=== Section Start ===

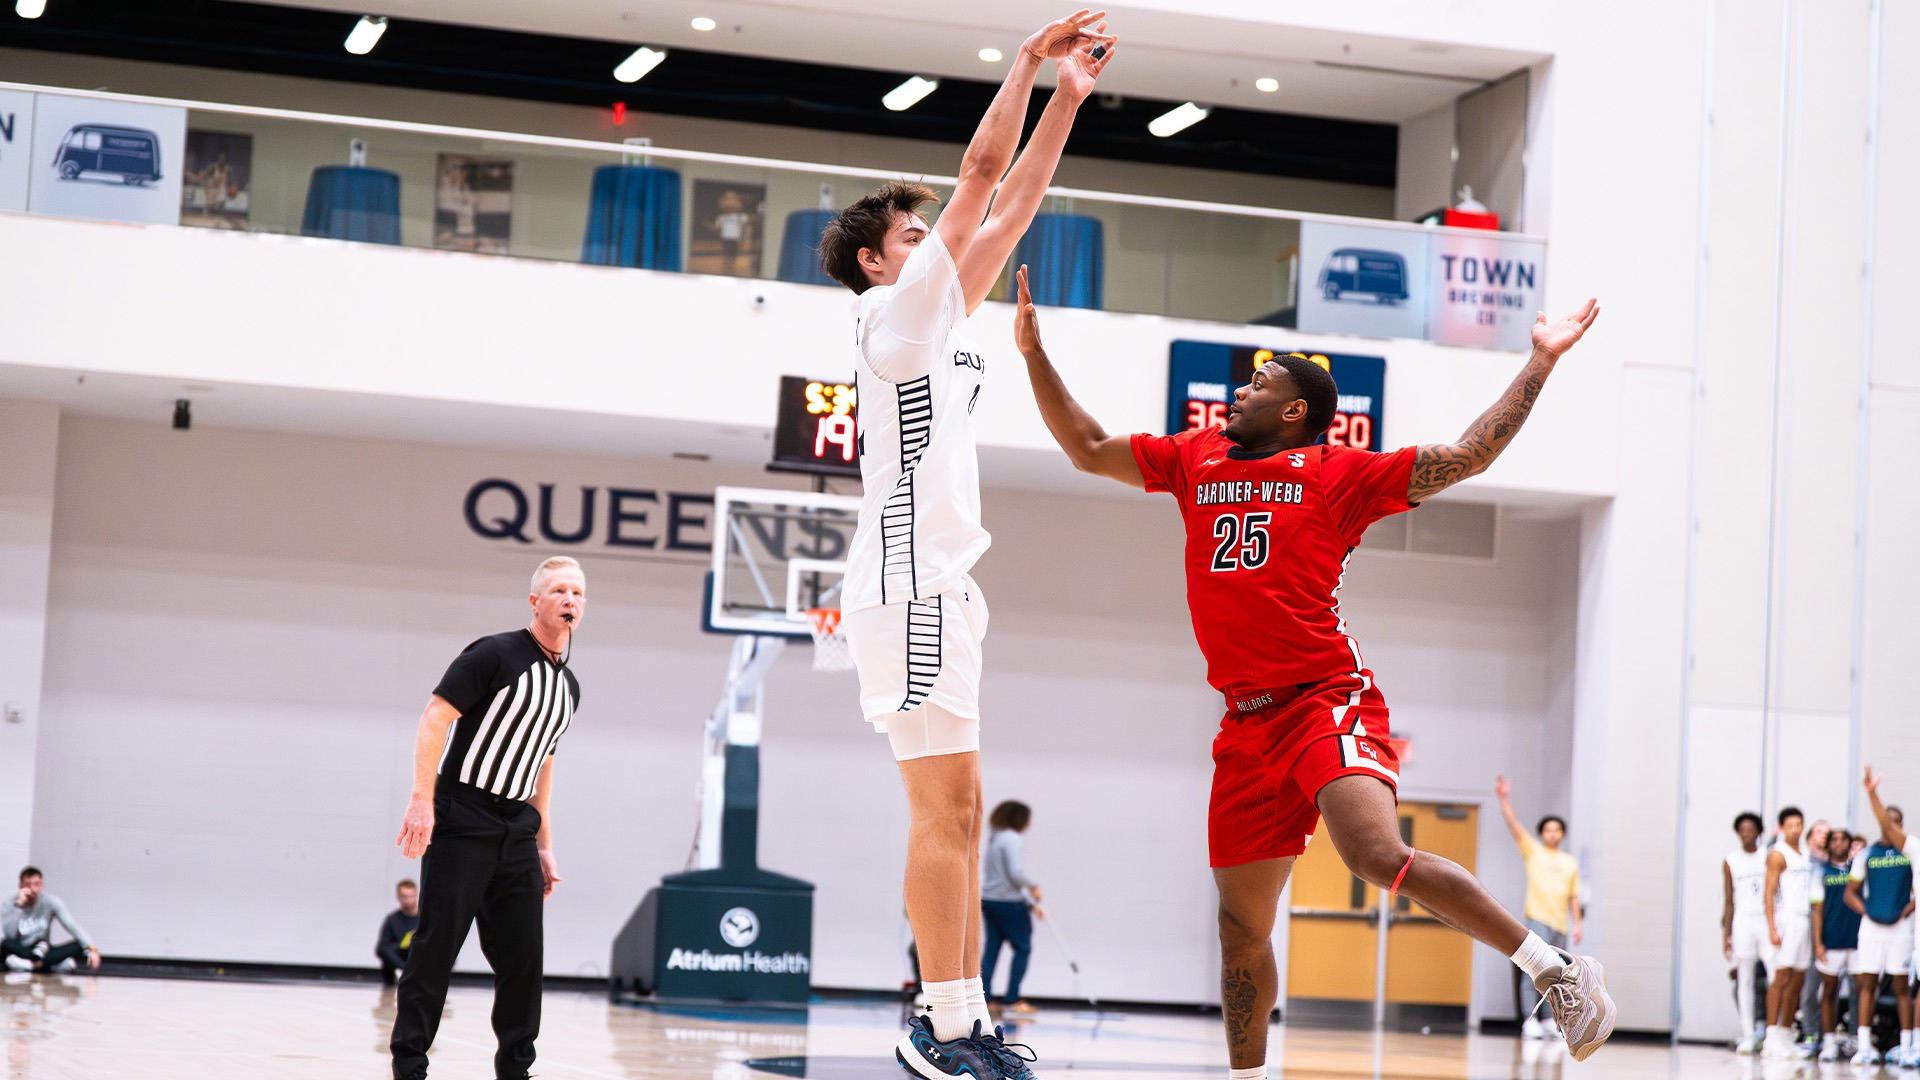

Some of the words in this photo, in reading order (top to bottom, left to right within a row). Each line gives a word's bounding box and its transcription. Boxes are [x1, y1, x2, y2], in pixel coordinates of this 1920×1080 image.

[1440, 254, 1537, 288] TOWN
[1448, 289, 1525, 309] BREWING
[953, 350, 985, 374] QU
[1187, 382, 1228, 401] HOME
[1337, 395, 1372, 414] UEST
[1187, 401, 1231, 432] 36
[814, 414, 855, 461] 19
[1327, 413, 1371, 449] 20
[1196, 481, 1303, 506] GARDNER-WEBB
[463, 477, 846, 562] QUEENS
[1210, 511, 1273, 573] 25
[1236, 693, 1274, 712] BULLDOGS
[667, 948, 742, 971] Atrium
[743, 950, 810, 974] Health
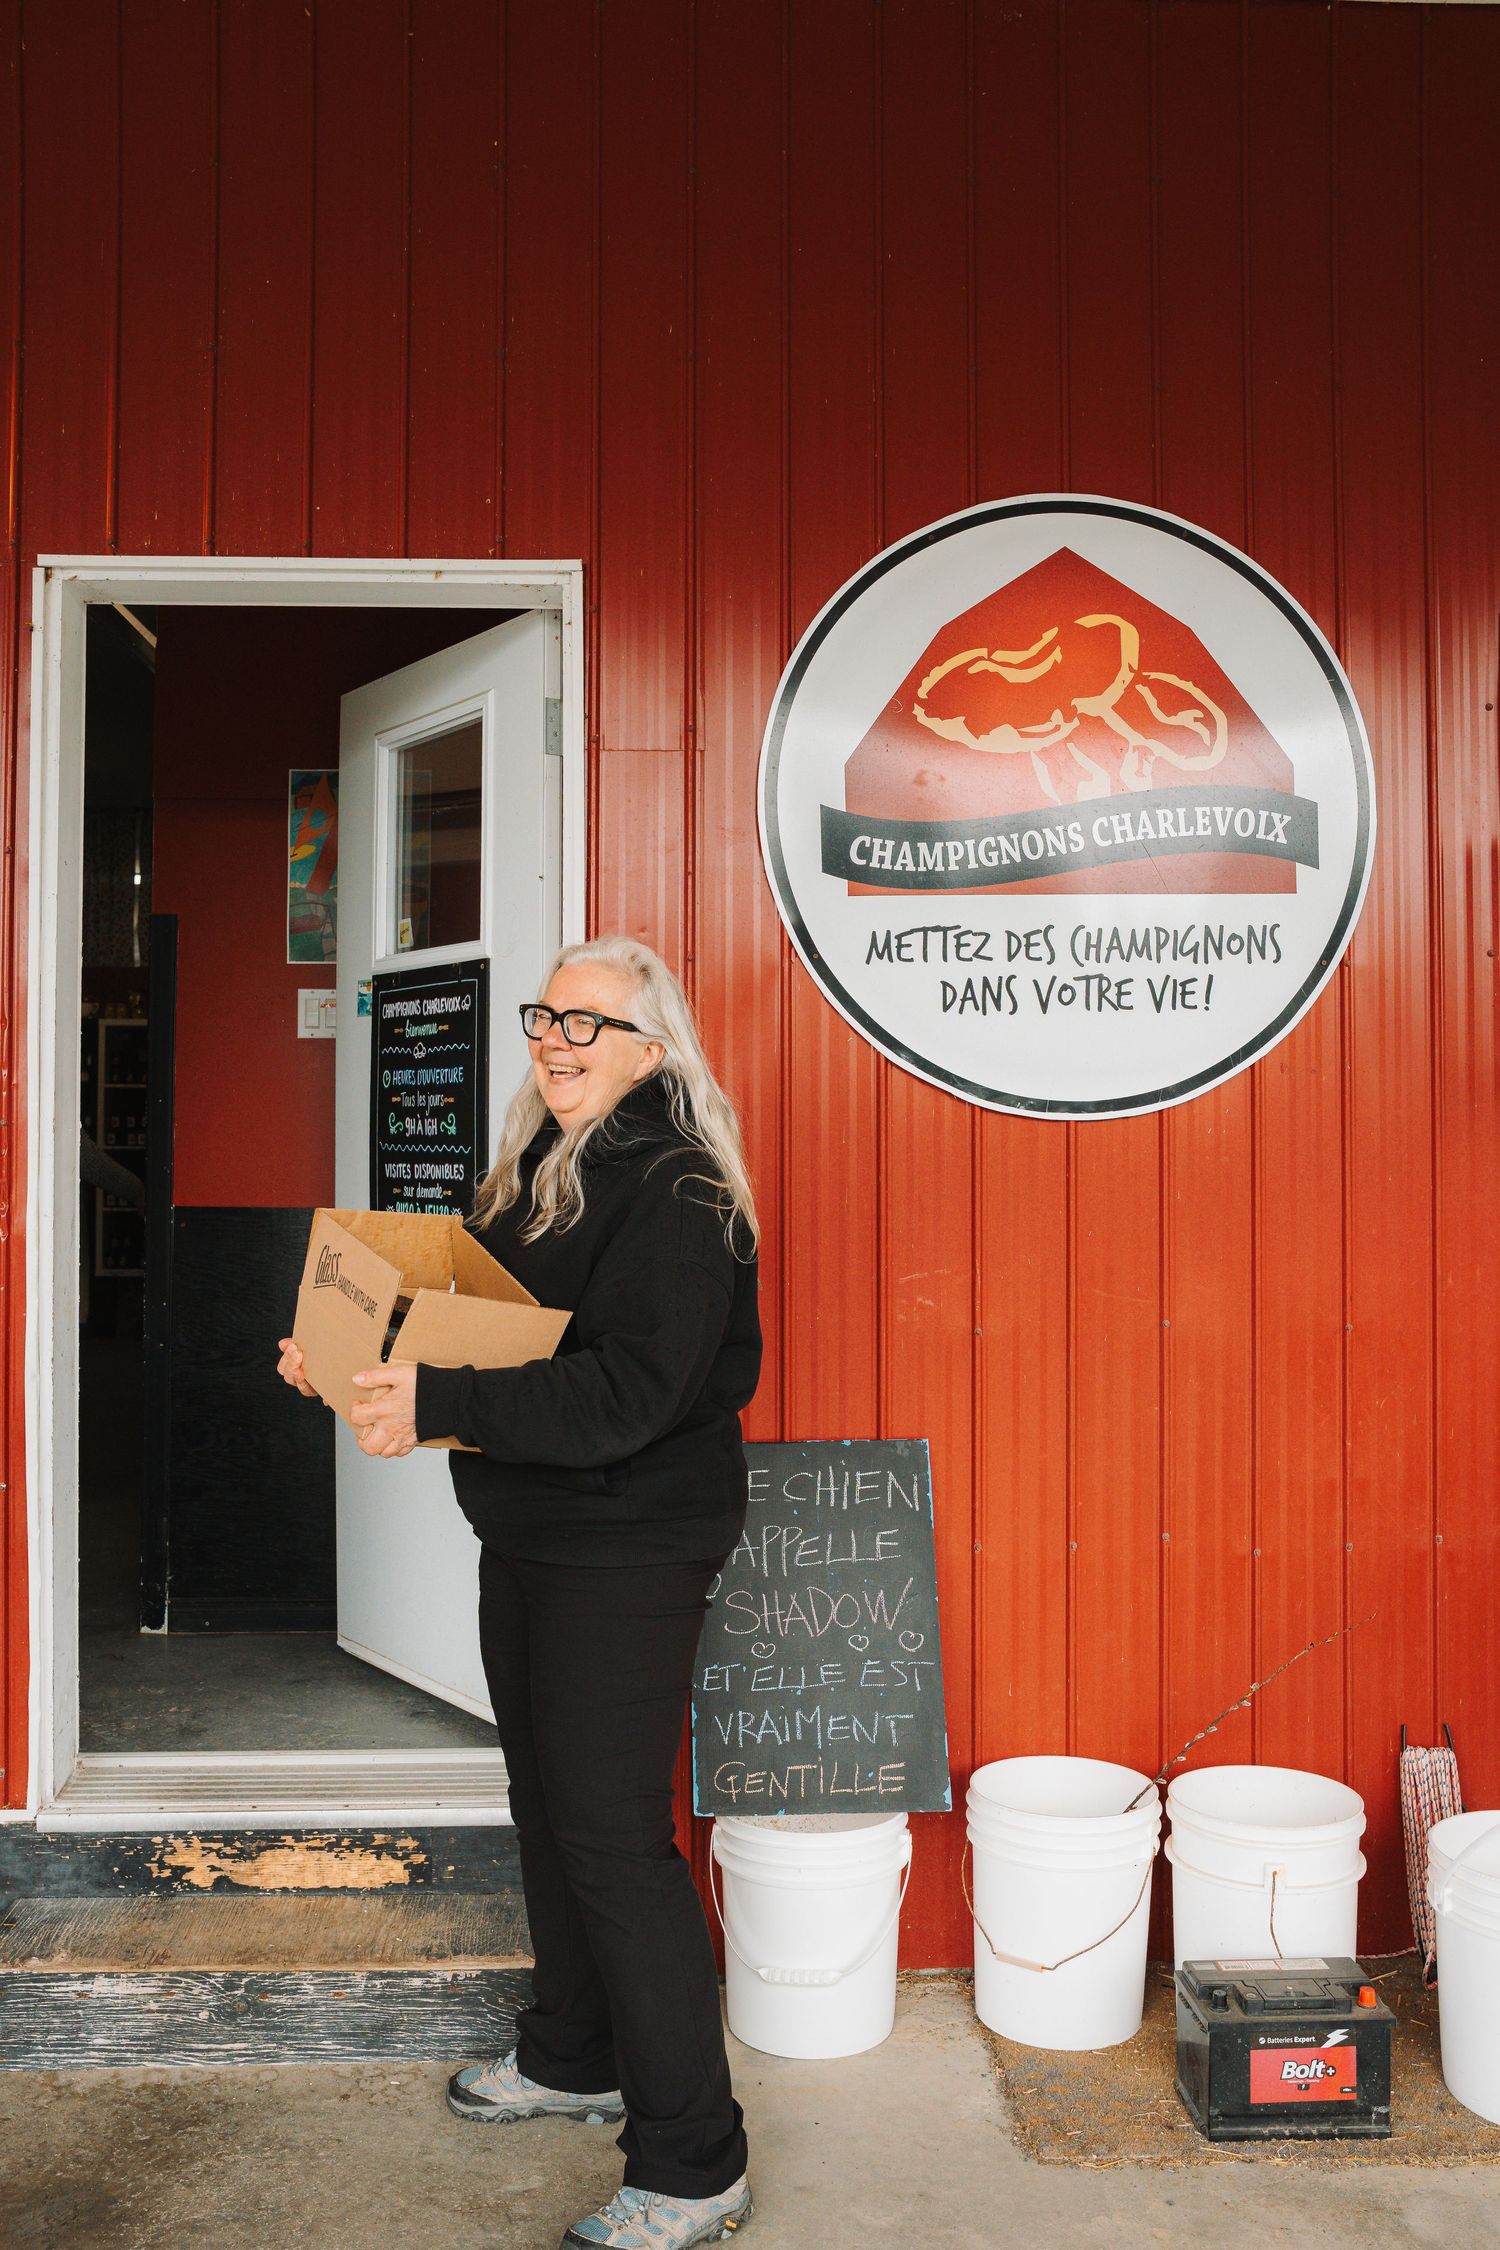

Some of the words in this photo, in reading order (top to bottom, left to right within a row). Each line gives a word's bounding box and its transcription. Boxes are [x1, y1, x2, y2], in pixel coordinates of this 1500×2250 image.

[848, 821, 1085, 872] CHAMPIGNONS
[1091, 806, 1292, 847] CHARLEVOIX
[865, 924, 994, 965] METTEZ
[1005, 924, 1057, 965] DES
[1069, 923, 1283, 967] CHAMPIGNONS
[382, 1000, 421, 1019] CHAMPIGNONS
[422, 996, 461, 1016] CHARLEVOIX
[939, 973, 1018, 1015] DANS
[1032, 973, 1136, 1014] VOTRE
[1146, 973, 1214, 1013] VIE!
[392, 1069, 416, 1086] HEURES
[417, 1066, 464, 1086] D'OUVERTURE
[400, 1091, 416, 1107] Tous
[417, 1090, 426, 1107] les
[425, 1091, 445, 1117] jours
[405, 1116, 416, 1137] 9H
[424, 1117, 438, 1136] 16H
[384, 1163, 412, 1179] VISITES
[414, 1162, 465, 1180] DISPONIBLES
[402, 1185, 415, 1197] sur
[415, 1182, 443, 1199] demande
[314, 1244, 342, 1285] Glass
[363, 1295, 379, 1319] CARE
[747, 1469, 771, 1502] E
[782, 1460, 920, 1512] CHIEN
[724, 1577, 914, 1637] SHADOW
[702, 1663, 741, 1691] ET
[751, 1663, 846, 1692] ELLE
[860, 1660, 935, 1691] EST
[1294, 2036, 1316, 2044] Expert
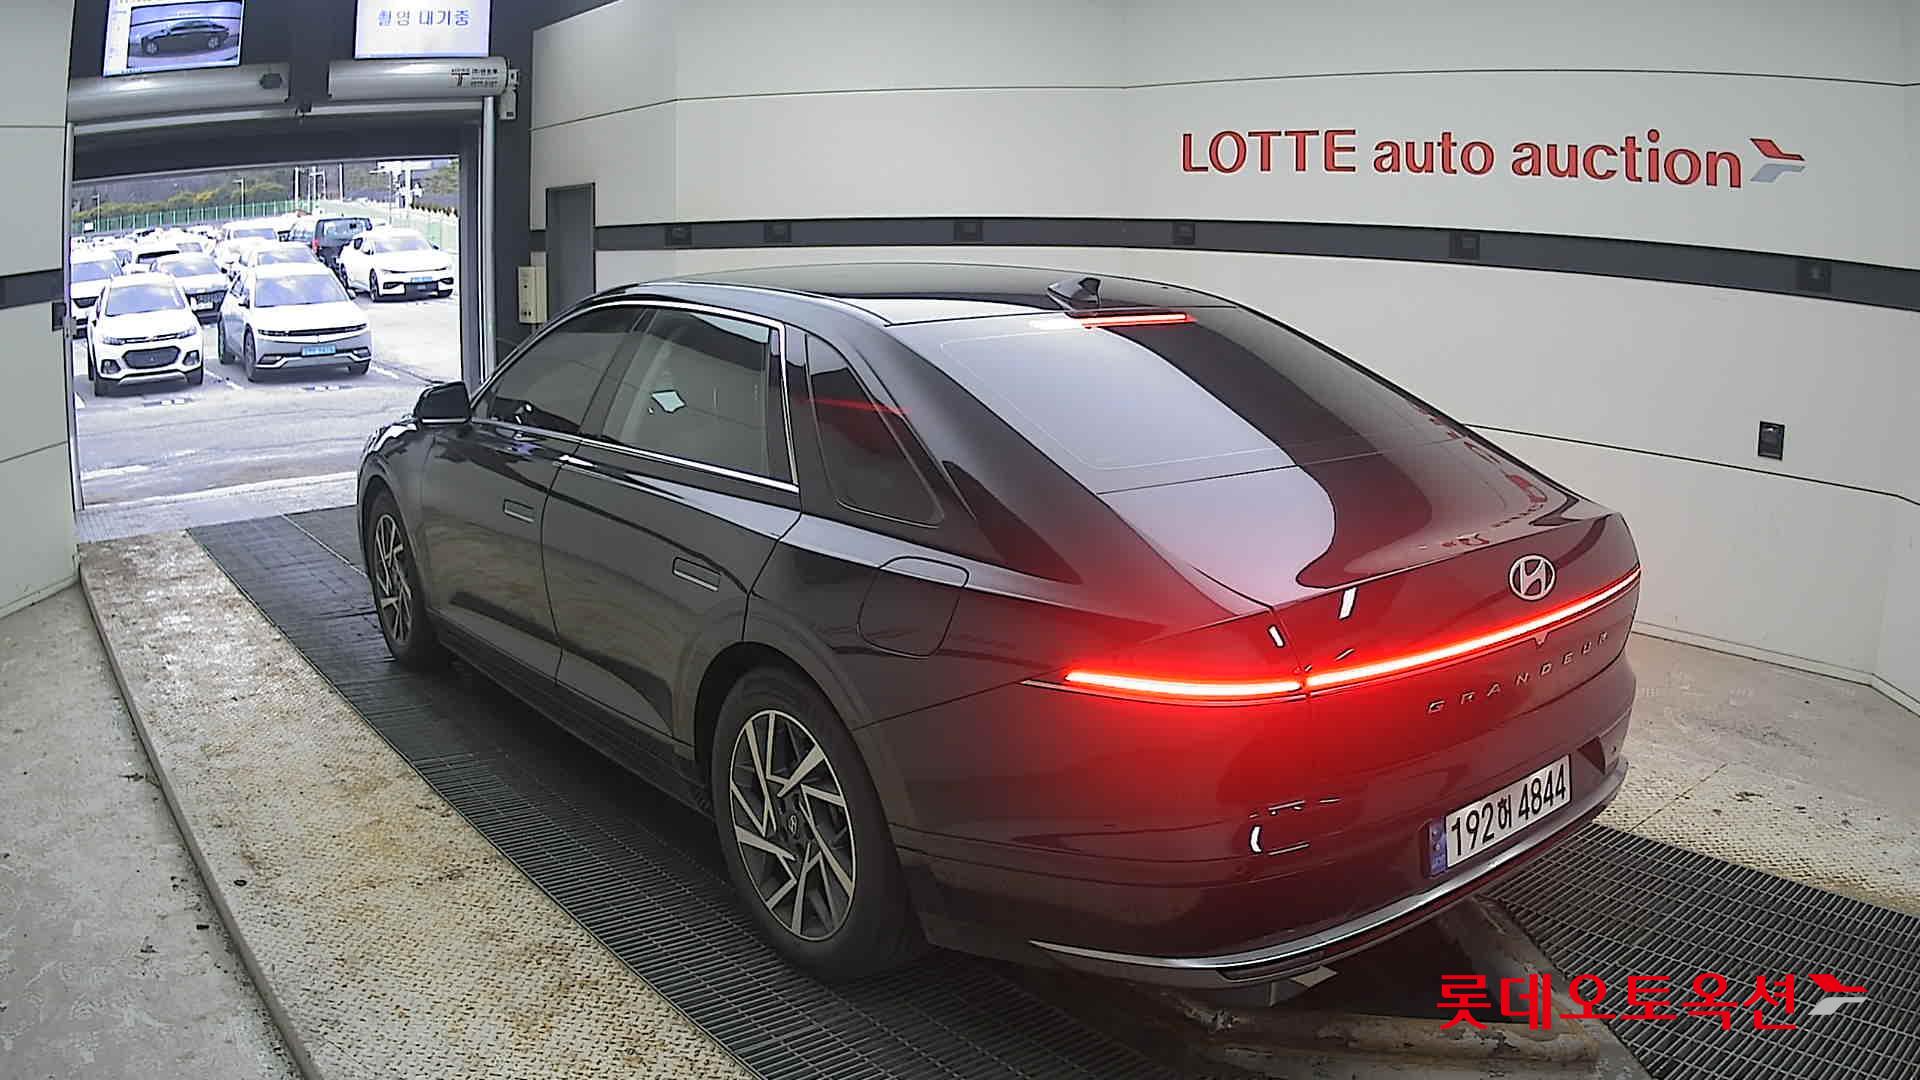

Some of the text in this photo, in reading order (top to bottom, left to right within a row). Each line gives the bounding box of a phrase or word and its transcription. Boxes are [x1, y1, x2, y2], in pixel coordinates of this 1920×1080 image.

=== Section End ===

WORK ORDER
Print the records above exactly, minus pictures.

ANSWER BOX
Some of the words in this photo, in reading order (top to bottom, left to right within a row). Each line gives a word's bounding box and its transcription. Boxes are [x1, y1, x2, y2], in pixel coordinates of this 1920×1080 image.

[1440, 254, 1537, 288] TOWN
[1448, 289, 1525, 309] BREWING
[953, 350, 985, 374] QU
[1187, 382, 1228, 401] HOME
[1337, 395, 1372, 414] UEST
[1187, 401, 1231, 432] 36
[814, 414, 855, 461] 19
[1327, 413, 1371, 449] 20
[1196, 481, 1303, 506] GARDNER-WEBB
[463, 477, 846, 562] QUEENS
[1210, 511, 1273, 573] 25
[1236, 693, 1274, 712] BULLDOGS
[667, 948, 742, 971] Atrium
[743, 950, 810, 974] Health

Some of the words in this photo, in reading order (top to bottom, left to right within a row). Each line gives a word's bounding box and its transcription. Boxes are [x1, y1, x2, y2], in pixel coordinates of this 1500×2250 image.

[848, 821, 1085, 872] CHAMPIGNONS
[1091, 806, 1292, 847] CHARLEVOIX
[865, 924, 994, 965] METTEZ
[1005, 924, 1057, 965] DES
[1069, 923, 1283, 967] CHAMPIGNONS
[382, 1000, 421, 1019] CHAMPIGNONS
[422, 996, 461, 1016] CHARLEVOIX
[939, 973, 1018, 1015] DANS
[1032, 973, 1136, 1014] VOTRE
[1146, 973, 1214, 1013] VIE!
[392, 1069, 416, 1086] HEURES
[417, 1066, 464, 1086] D'OUVERTURE
[400, 1091, 416, 1107] Tous
[417, 1090, 426, 1107] les
[425, 1091, 445, 1117] jours
[405, 1116, 416, 1137] 9H
[424, 1117, 438, 1136] 16H
[384, 1163, 412, 1179] VISITES
[414, 1162, 465, 1180] DISPONIBLES
[402, 1185, 415, 1197] sur
[415, 1182, 443, 1199] demande
[314, 1244, 342, 1285] Glass
[363, 1295, 379, 1319] CARE
[747, 1469, 771, 1502] E
[782, 1460, 920, 1512] CHIEN
[724, 1577, 914, 1637] SHADOW
[702, 1663, 741, 1691] ET
[751, 1663, 846, 1692] ELLE
[860, 1660, 935, 1691] EST
[1294, 2036, 1316, 2044] Expert

Some of the text in this photo, in reading order (top to bottom, left to right within a row). Each line gives the bounding box of a phrase or word and its transcription. Boxes are [x1, y1, x2, y2], in pixel coordinates of this 1920×1080 image.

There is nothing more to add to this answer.